For the past two months the Herald has been drawing attention to an effort to install stronger, clearer values in the education system. Our interest in the subject will not end with the conclusion of our series today. So long as the campaign for values education continues, we will report
its efforts. And if it flags, we will do what we can to rekindle it. The values we want to uphold are - or ought to be - beyond dispute. They are values such as honesty, personal integrity and responsibility, generosity and respect for the dignity, rights and property of others.

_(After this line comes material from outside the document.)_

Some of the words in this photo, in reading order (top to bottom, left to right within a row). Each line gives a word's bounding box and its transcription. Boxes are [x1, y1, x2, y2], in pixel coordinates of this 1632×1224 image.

Nobody seriously disagrees that those are virtues worth imparting in our schools, yet the Living Values campaign seems to have encountered uncertainty and suspicion. Committees have cast about for definitions of values, tried to distinguish them from virtues, and ended up in some confusion. Nor have they resolved the question of whether values are better instilled by overt study or in more subtle ways, by the model behaviour of teachers, for example. "We must have both," says the campaign director, Judy Lawley.

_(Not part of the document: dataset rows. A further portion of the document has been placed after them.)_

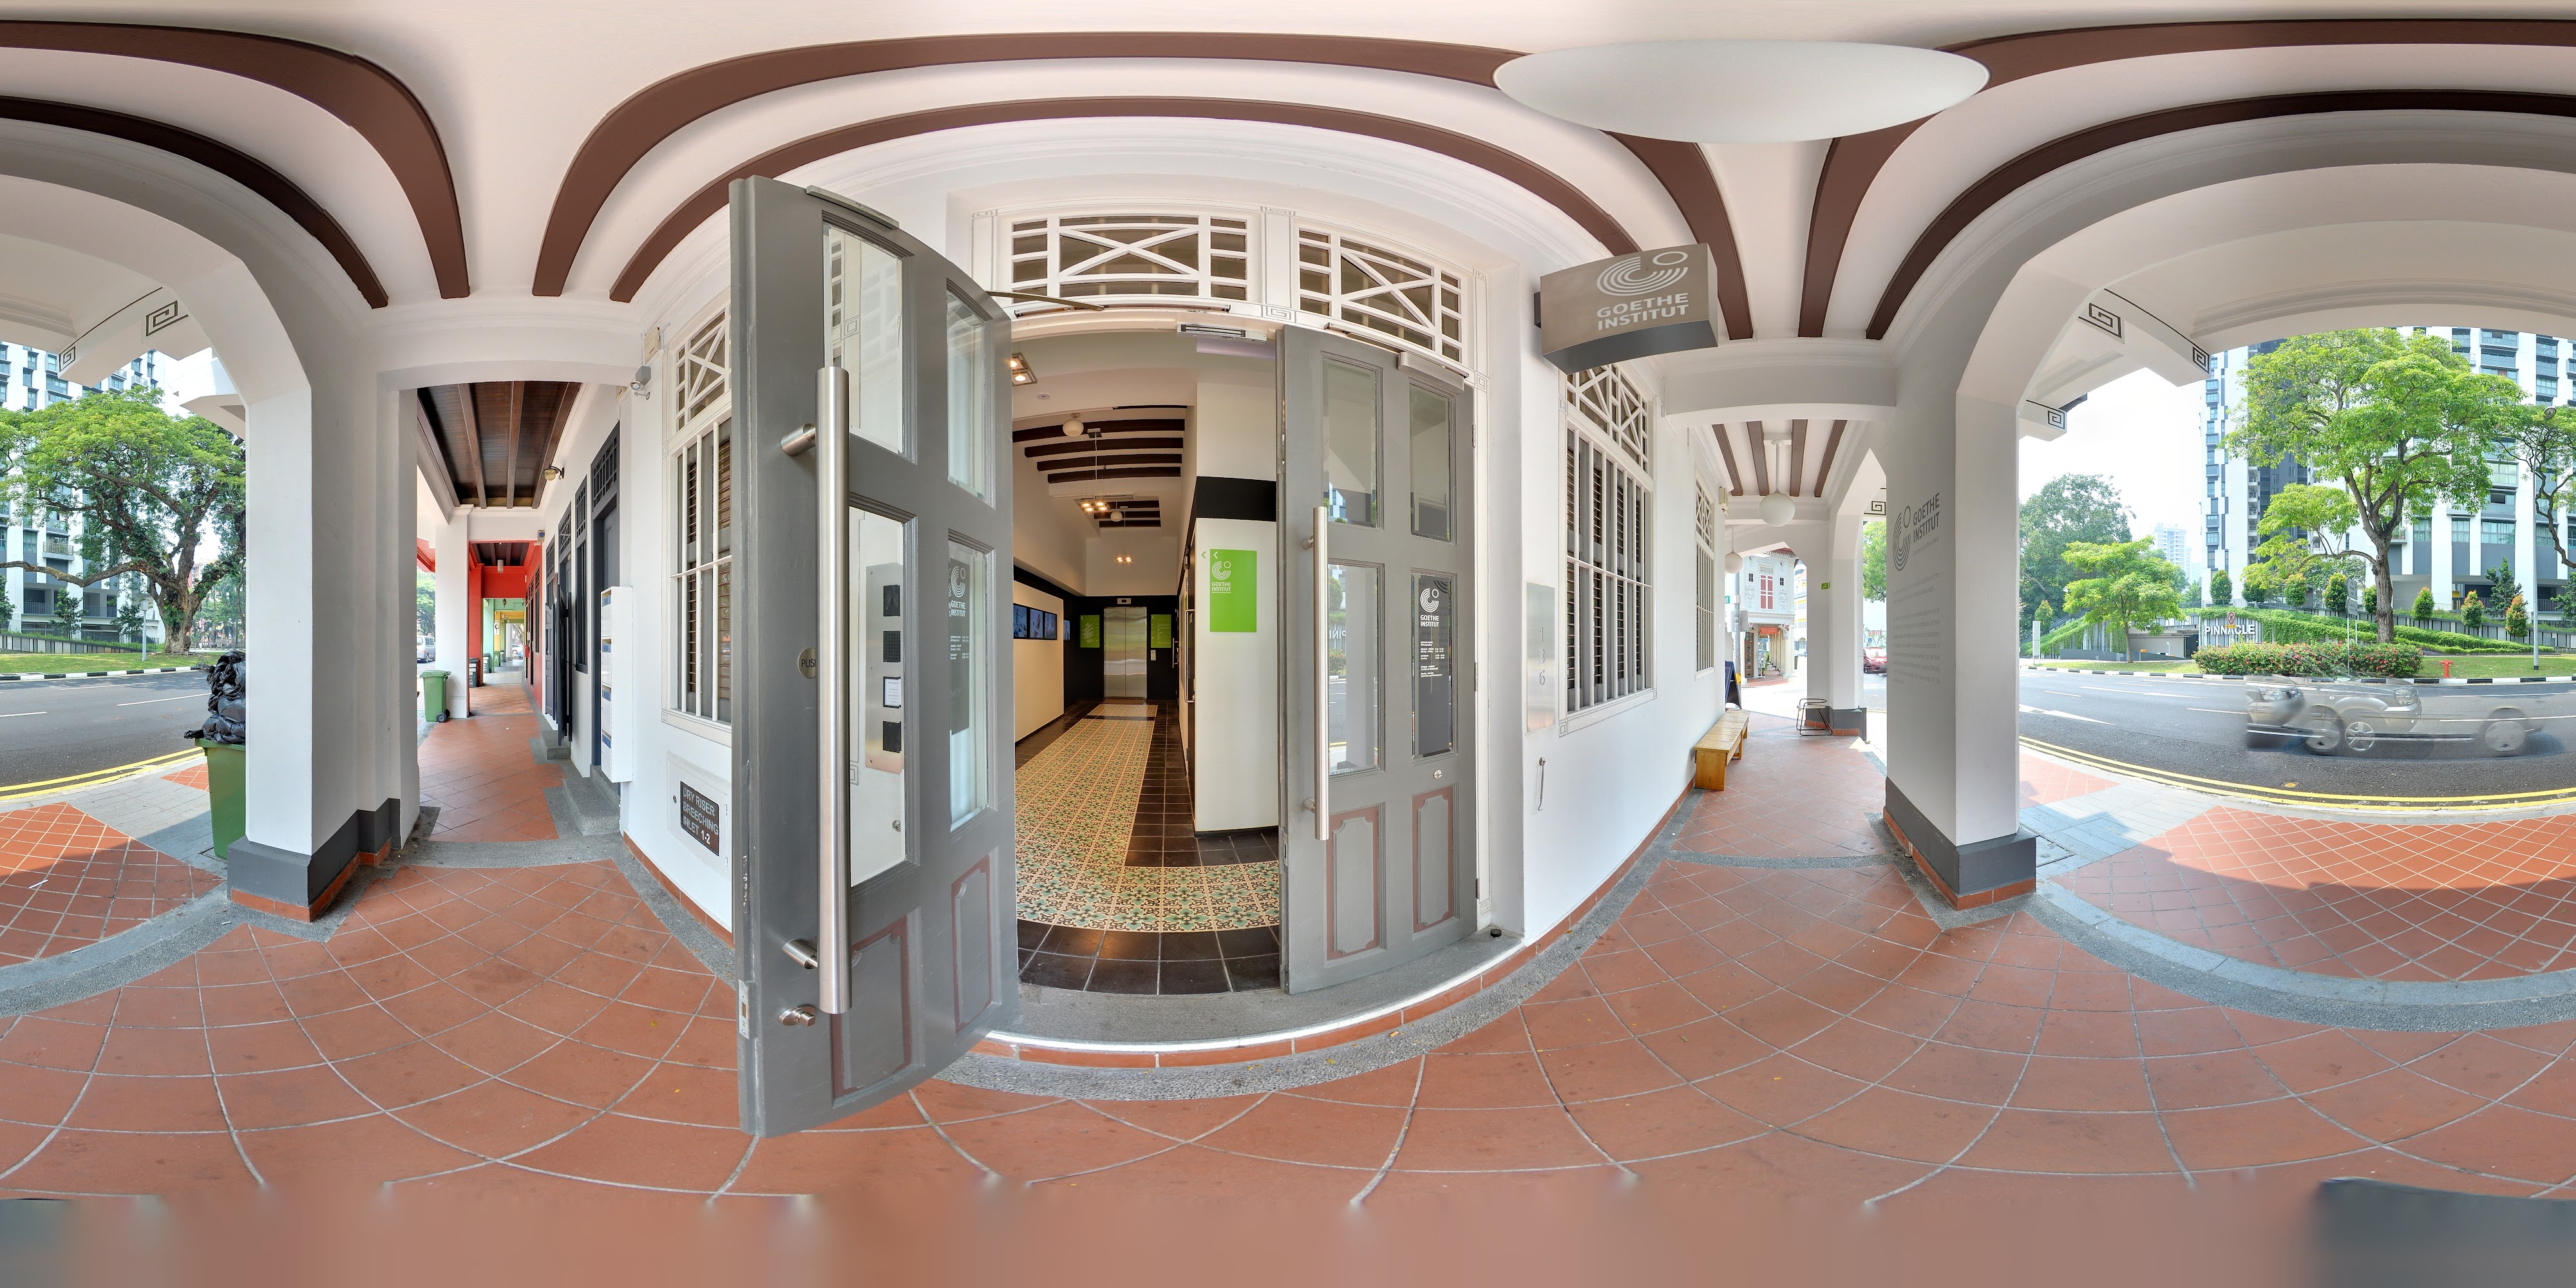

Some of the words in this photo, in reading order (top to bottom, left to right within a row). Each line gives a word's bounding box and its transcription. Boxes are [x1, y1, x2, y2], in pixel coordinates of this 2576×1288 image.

[1596, 292, 1689, 318] GOETHE
[1598, 304, 1690, 330] INSTITUT
[1913, 492, 1940, 526] GOETHE
[1913, 511, 1940, 543] INSTITUT
[951, 600, 965, 609] GOETHE
[951, 609, 965, 617] INSTITUT
[2204, 624, 2255, 636] PINNACLE
[801, 659, 816, 667] PUS
[683, 787, 695, 803] DRY
[696, 795, 715, 817] RISER
[683, 801, 719, 835] BREECHING
[683, 815, 699, 835] INLET
[701, 829, 710, 844] 1-2

Meanwhile, a state education lobby styling itself the Quality Public Education Coalition wants to insert a political agenda into any values that schools are to discuss. A spokesman for the group, Emeritus Professor Ivan Snook, of Massey University, finds recent proposals "conformist." He says his group wants to "get away from the excessive individualism of these programmes to look at social justice." The fact that Living Values has business backing and grew out of an initiative by private schools meant it was "unlikely to be critical of the current social order."

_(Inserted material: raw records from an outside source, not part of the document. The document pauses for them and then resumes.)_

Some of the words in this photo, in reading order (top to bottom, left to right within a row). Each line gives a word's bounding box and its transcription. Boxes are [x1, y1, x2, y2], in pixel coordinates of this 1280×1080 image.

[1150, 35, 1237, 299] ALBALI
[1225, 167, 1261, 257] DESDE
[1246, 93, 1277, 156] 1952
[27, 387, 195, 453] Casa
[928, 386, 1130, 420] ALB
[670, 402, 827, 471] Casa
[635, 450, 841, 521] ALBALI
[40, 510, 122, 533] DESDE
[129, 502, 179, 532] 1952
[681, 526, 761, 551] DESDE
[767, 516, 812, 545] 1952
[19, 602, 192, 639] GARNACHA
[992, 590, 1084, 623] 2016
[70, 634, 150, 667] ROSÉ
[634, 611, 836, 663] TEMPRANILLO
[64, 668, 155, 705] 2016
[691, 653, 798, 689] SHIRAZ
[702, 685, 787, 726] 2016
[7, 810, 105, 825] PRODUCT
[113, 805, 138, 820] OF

It is at least encouraging that he believes efforts to inculcate a sense of honesty, integrity, generosity and respect for others are unlikely to lead to criticism of today's social order. If that is so, the social order might not be too bad after all. In fact, there are people who advocate social change in the name of precisely the same values. The point is, these personal qualities are politically neutral. It is not unusual to find supporters of hard-nosed politics who are kind and considerate in person, and politically compassionate people who are not very warm individuals.
It is disturbing that a drive to promote good character among the young should have to surmount such suspicion and uncertainty. Every generation has probably believed that standards of behaviour have declined in its lifetime, but today's generations are growing up in a climate that lacks moral conviction. The virtue of respect for others has been perverted to the point that almost any self-indulgence, and destructive belief or behaviour is to be respected if it is asserted strongly enough. To be "judgmental" these days is almost a moral failing.
Young people need and deserve guidance in the personal qualities that are still as important as anything in education for their well-being and for the good of the community. Values education improves society at its roots. It teaches people the principles of harmonious, reliable and constructive relationships. When the Governor-General addressed a seminar on values in education yesterday, he criticised individualism as much as the moral relativism that muddies notions of right and wrong, good and bad today.
Good parents punish antisocial behaviour in their families and expect schools to do likewise. But too many parents neglect the task and still expect schools to do the job. On the whole, schools try. Teachers are trained these days to treat pupils with respect and to promote principles of tolerance and non-violence in the school. The campaign for values education urges them to go a bit further, to model the behaviour that goes to develop good character, and to talk about some timeless values confidently in their classrooms.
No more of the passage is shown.